Кассирша считывает товар, водя штрих-кодами. Пройдет, не пройдет… У меня новая стадия голодного обморока. Синий туман в голове дает покой и отрешённость взгляду, прикованному к тележке с продуктами. Мы успеваем отойти от кассы, в которой все, как в замедленном фильме, но благополучно пробивается. Только три шага, до ближайшей стены. И
закрыть тележку телами.
Больше ничего не помню. Черный туман начал рассеиваться, только когда мой ссохшийся желудок наполовину наполнился страшно офертным, молочно-какавным детским коктейлем из коробочки, который всасывался по узкой трубочке гигантскими втяжками, шумно слепляя бока коробочки при засосе. Рядом Пятачок, хищно разорвав целлофановую упаковку на буханке, дожевывает кусок и уже что-то пытается передать вербально.
Звучало это примерно так: «А ииео илепп ооопаааааса. Уууусссссоо». Что означало: «А ничего хлеб попался. Вкусно!»
«Аха, о оооэ уусоо», – подтверждаю я, уминая с коктейлем два по- настоящему бесподобных куска зернового, одновременно всунутых мне в рот другом. Ресторан французской кухни отдыхает. Потом мы ещё полируем ужин в супермаркете пластинкой плавленого сыра и каким-то батончиком с арахисом.
– Божественно.
– А уже стемнело, – удивляется Людочка, – Надо же, как быстро здесь. И восьми нет.

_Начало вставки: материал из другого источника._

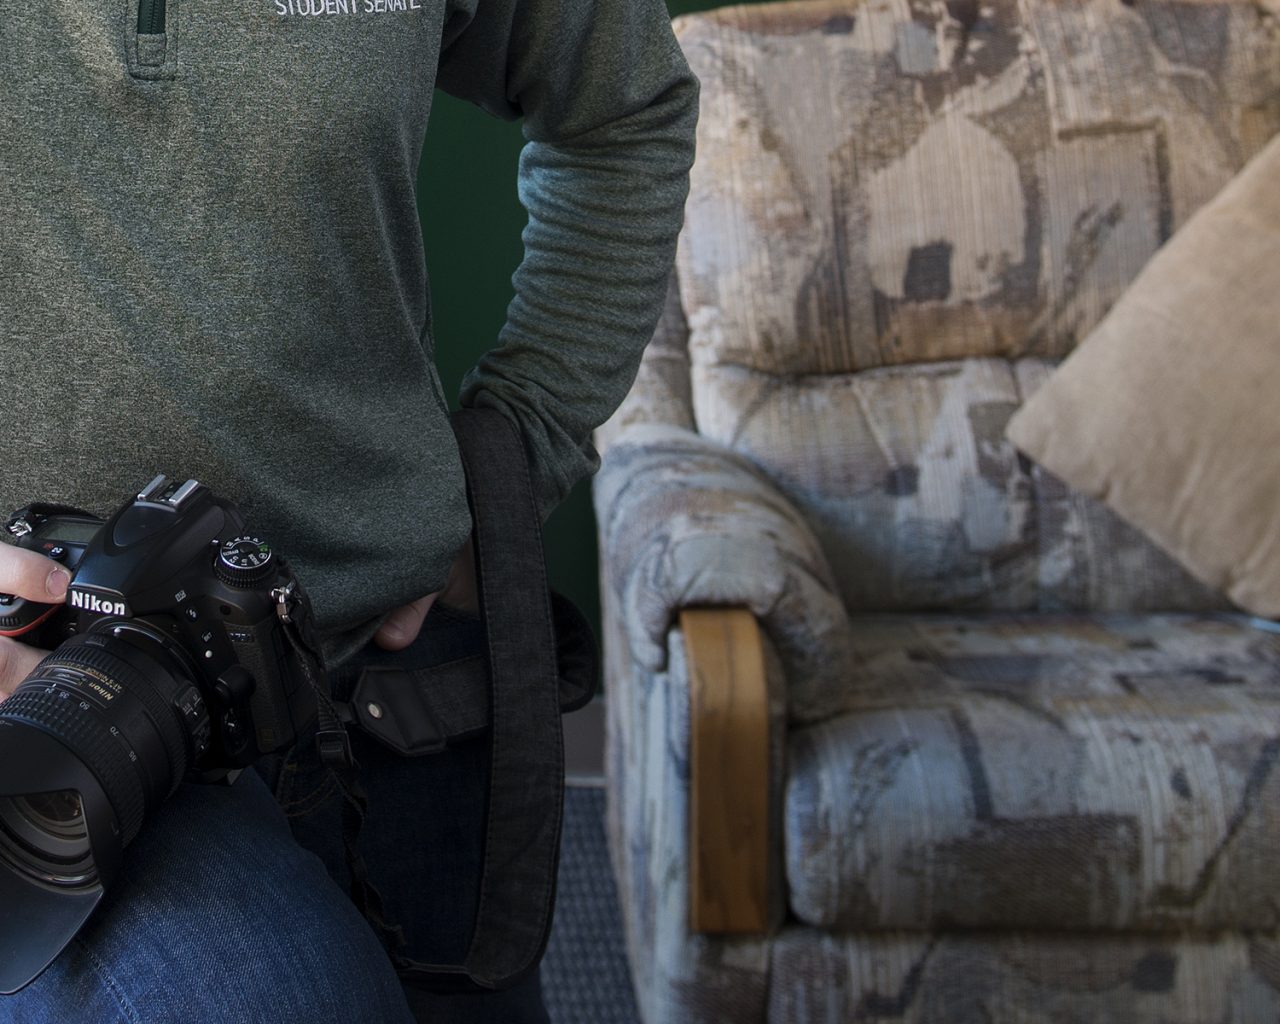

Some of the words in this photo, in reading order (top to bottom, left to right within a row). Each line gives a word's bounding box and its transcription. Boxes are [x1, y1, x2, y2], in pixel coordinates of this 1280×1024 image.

– Да…осень, – созерцаю я через окно залитое фиолетовым пространство, – Пошли, что ли?
Тонкая новозеландская луна, как колыбелька, горизонтально висит на темнеющем закатном небе. Птички щебечут вечернюю песенку. А до дома-то от этого магазина, если напрямую, не так и далеко оказалось.
Olga Tango: Ты долго не отвечал мне сегодня. Работал?
Освальдо Танго: Я заснул, потому что у меня были очень неприятные предзнаменования и люди, которые собирались уйти, как когда-то мой погибший сын, и я не мог ничего с этим поделать, поэтому из-за боли я заснул и не мог ответить тебе.
Olga Tango: Ты потерял сына??
Освальдо Танго: Да. В 2007 году.
Освальдо Танго: Ты знаешь, в тот страшный день во сне у меня было предзнаменование смерти одного из моих детей, и я не мог идентифицировать событие, я чувствовал, но ничего не мог сделать. Тогда ему было 26 лет, и он был убит наркоманами.
Olga Tango: Я не знаю, как такое можно пережить.
Olga Tango: Прошло почти двенадцать лет. Это был старший сын?
Освальдо Танго: Второй.
Olga Tango: После событий, которые вы пережили, мои переживания кажутся незначительными и несерьезными.
Освальдо Танго: Да, и у меня здесь тоже были очень неприятные предыдущие события. Аргентина — это война. Без оружия, с большим количеством преступлений. Но это ценные жизненные переживания.